Después de efectuar unas cuantas operaciones más en la calculadora, dejó escapar un silbido.

—Alcanzaríamos justo, teniendo en cuenta las otras facturas que tenemos que pagar a final de mes. Pero para poder optar a las subvenciones tenemos que transformarnos en
hôtel de tourisme
, ¿no es eso?

Stephanie volvió a confirmar con la cabeza.

—¡Lo cual representa otra inspección! —gruñó Lorna.

—Sí, pegggo no es tan… ¿cómo se disse, gggígida? —aseguró Stephanie—. No como la otggga.

—Bueno, tampoco nos pueden hacer nada peor si no la pasamos —señaló con una sonrisa Paul—. Ya estamos cerrados por orden del Ayuntamiento.

La carcajada de Lorna fue más que sarcástica, pero Stephanie se tomaba muy en serio la cuestión. Al fin y al cabo, estaban en Francia y ella sospechaba que sus amigos anglosajones no acababan de comprender la idiosincrasia de la burocracia francesa. Allí todo era posible dependiendo de la actuación de los funcionarios.

—Sí, nada —reiteró, para alivio de Paul y Lorna—. No pueden haceggg nada más.

—En ese caso —continuó Paul—, ¿para cuándo podemos organizar una inspección?

Stephanie se levantó para ir a descolgar el teléfono.

—¡Más vale haceggg las cosas en caliente! —anunció mientras empezaba a marcar.

Al cabo de unos segundos se puso a hablar a gran velocidad en francés.

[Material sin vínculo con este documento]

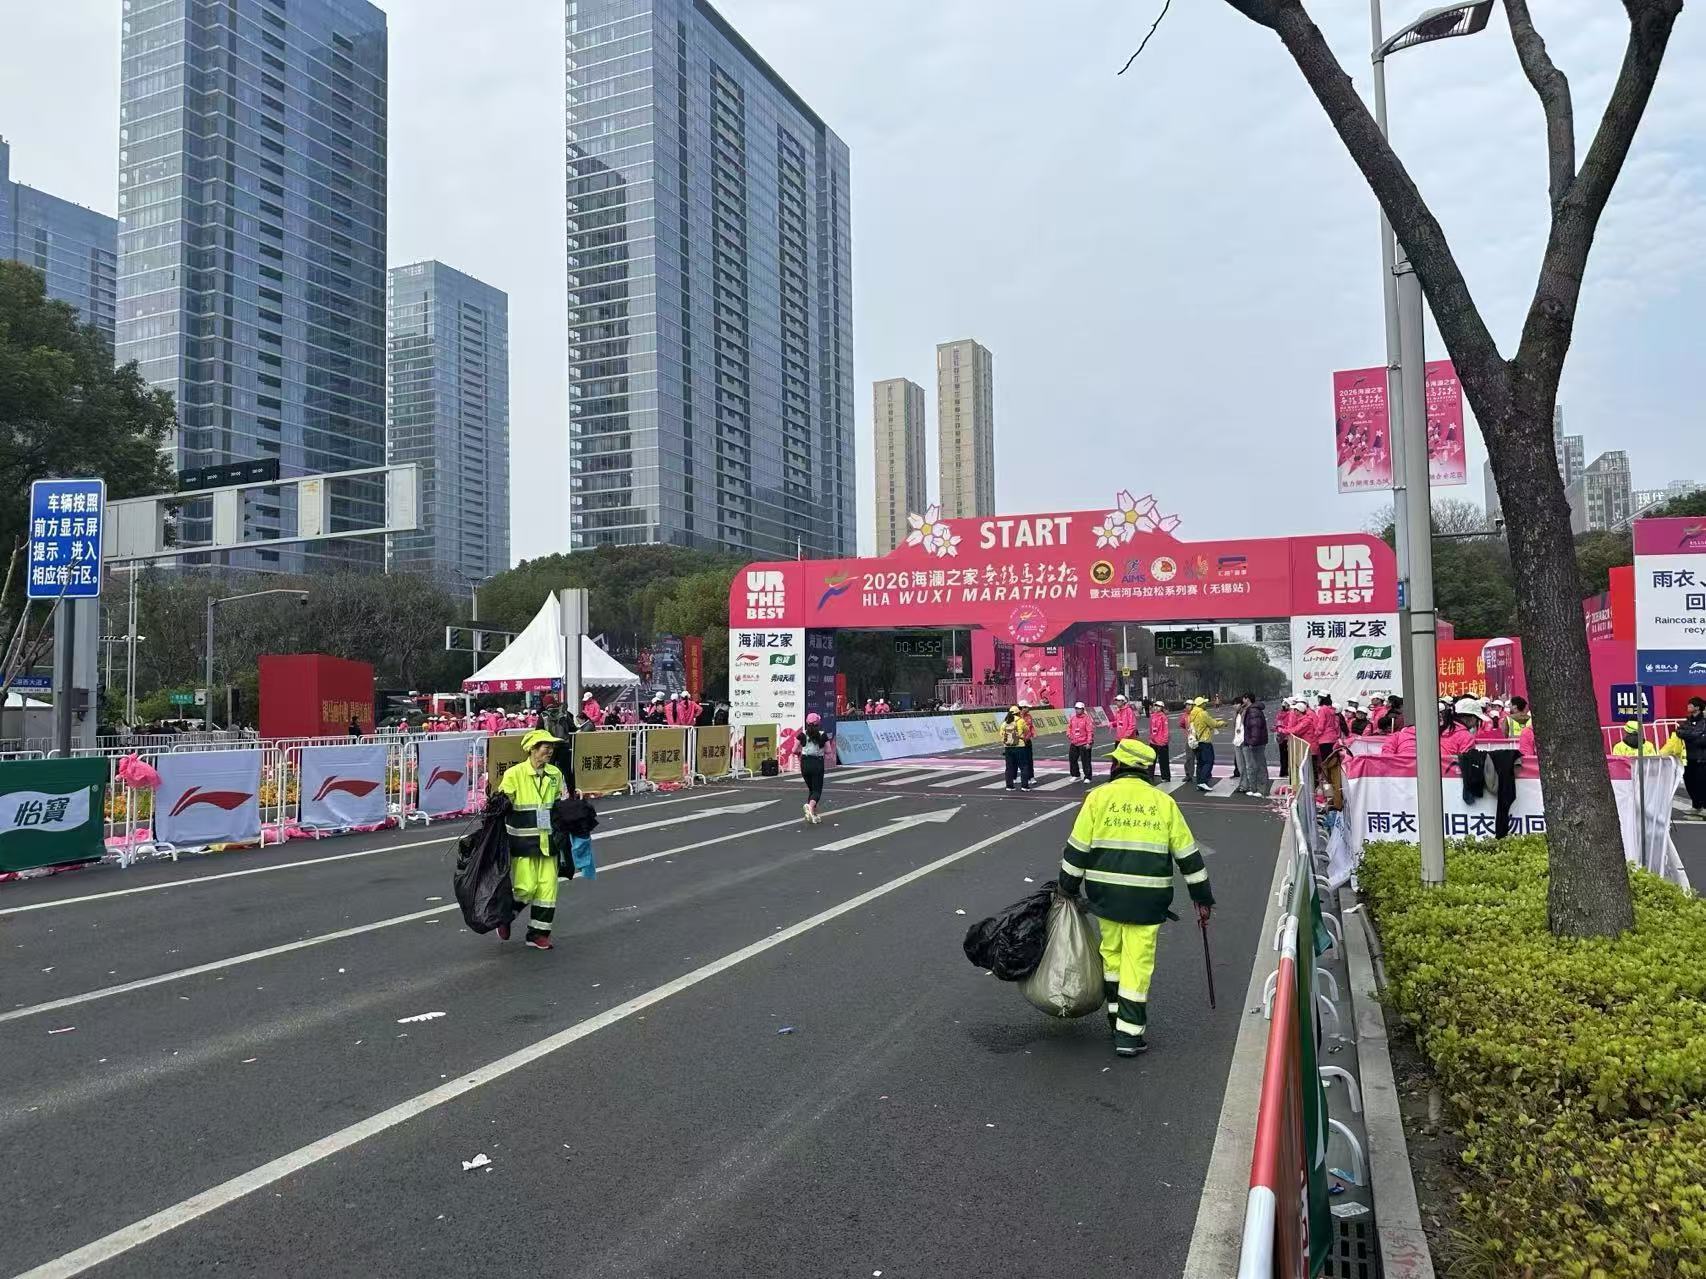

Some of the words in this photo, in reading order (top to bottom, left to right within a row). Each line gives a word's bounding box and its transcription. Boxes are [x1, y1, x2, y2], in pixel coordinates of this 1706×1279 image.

[48, 493, 98, 513] 车辆按照
[34, 517, 98, 537] 前方显示屏
[980, 517, 1072, 549] START
[1317, 544, 1373, 570] UR
[747, 571, 785, 591] UR
[863, 568, 979, 591] 2026海澜之家
[1121, 574, 1146, 584] AIMS
[1317, 570, 1374, 588] THE
[747, 592, 785, 607] THE
[863, 592, 890, 606] HLA
[899, 588, 953, 604] WUXI
[962, 583, 1079, 602] MARATHON
[1318, 589, 1374, 605] BEST
[747, 607, 785, 620] BEST
[1655, 616, 1697, 625] Raincoat
[1307, 620, 1387, 639] 海澜之家
[738, 633, 793, 648] 海澜之家
[1157, 636, 1213, 650] 00:15:52
[1617, 692, 1648, 706] HLA
[581, 753, 622, 771] 海澜之家
[651, 748, 681, 764] 海澜之家

—¡Ufff! No pierde el tiempo, ¿eh? —exclamó Paul cogiendo la mano de Lorna, con una voz donde de repente despuntaba el entusiasmo—. ¿Te das cuenta de que esto podría cambiarlo todo? ¡Si nos dan la subvención, podríamos cambiar la caldera y el depósito y abrir el hostal a tiempo para la temporada de caza! Entonces podríamos empezar a ahorrar para el tejado. —Lorna sonrió pero no dijo nada—. No pareces muy segura…

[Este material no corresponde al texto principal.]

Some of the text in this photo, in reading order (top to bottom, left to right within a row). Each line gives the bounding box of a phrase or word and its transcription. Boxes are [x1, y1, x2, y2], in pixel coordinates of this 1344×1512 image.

Ella se frotó la frente, como si quisiera borrar las preocupaciones.

—Es que no sé… Me da miedo hacerme ilusiones por si…

Paul le apretó la mano, sin necesidad de oír el final de la frase. Habían pasado unas semanas espantosas tratando de digerir las consecuencias de la otra inspección. Parecía paradójico cifrar sus esperanzas en otra más.

—¿El tgggesse? —los interrumpió Stephanie, tapando con la mano el auricular—. Paggga la inspecssión. ¿Va bien?

—¿El trece? ¿De enero?

—Sí. ¡Les he dicho que es uggggente!

Paul y Lorna se miraron con asombro. Faltaba sólo una semana. Lorna se encogió de hombros y asintió.

—De acuerdo —aceptó Paul mientras Stephanie volvía a hablar en francés para poner fin a la llamada.

—¡Jesús! —Lorna exhaló el aire contenido—. Esto va un poco deprisa.

—Mejor que quedarnos sentados sin hacer nada.

—¡Sí! Mejoggg que no hacer nada —convino Stephanie, que había oído el final del diálogo después de colgar el teléfono.

Se acercó a Lorna y le apoyó una mano en el hombro, con una expresión más sabia de la que cabía esperar por su edad.

—No preocupaggg, Logggna —le dijo mirándola a la cara con inusual intensidad—. Van a conseguiggg el dinegggo.

Durante una fracción de segundo, Lorna la creyó.

Stephanie le dio una palmada y echó atrás la cabellera como si se dispusiera a bailar.

—¡Y ahoggga —declaró con gesto dramático, alzando los brazos a la manera de un predicador—, hoy es el día de Rggeyes y hay que comeggg la
galette des Rois
!

Paul se puso muy pálido cuando Stephanie sacó del bolso un pastel, justo cuando Chloé y
Tomate
aparecieron precipitadamente en la sala dejando entrar una bocanada de aire frío.

—¿Es la hora de la
galette
, mamá? —preguntó la niña con entusiasmo.